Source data
++++++

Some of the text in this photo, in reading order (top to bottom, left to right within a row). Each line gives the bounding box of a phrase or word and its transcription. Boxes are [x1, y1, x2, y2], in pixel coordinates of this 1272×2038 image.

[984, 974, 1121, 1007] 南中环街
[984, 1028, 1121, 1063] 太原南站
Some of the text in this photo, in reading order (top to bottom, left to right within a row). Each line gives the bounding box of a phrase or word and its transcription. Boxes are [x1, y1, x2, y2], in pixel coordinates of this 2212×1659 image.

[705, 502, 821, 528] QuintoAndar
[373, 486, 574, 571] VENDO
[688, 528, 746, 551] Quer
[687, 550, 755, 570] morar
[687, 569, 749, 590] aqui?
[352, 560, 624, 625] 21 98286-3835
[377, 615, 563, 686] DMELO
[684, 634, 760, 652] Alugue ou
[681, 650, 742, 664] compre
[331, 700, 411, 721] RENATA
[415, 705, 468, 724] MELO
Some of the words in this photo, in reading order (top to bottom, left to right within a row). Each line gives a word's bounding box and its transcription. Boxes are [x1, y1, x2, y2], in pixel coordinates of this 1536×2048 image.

++++++

Directions for this task ->
Copy the entries word for word.

Result below ->
Some of the text in this photo, in reading order (top to bottom, left to right within a row). Each line gives the bounding box of a phrase or word and its transcription. Boxes are [x1, y1, x2, y2], in pixel coordinates of this 1272×2038 image.

[984, 974, 1121, 1007] 南中环街
[984, 1028, 1121, 1063] 太原南站
Some of the text in this photo, in reading order (top to bottom, left to right within a row). Each line gives the bounding box of a phrase or word and its transcription. Boxes are [x1, y1, x2, y2], in pixel coordinates of this 2212×1659 image.

[705, 502, 821, 528] QuintoAndar
[373, 486, 574, 571] VENDO
[688, 528, 746, 551] Quer
[687, 550, 755, 570] morar
[687, 569, 749, 590] aqui?
[352, 560, 624, 625] 21 98286-3835
[377, 615, 563, 686] DMELO
[684, 634, 760, 652] Alugue ou
[681, 650, 742, 664] compre
[331, 700, 411, 721] RENATA
[415, 705, 468, 724] MELO
Some of the words in this photo, in reading order (top to bottom, left to right within a row). Each line gives a word's bounding box and its transcription. Boxes are [x1, y1, x2, y2], in pixel coordinates of this 1536×2048 image.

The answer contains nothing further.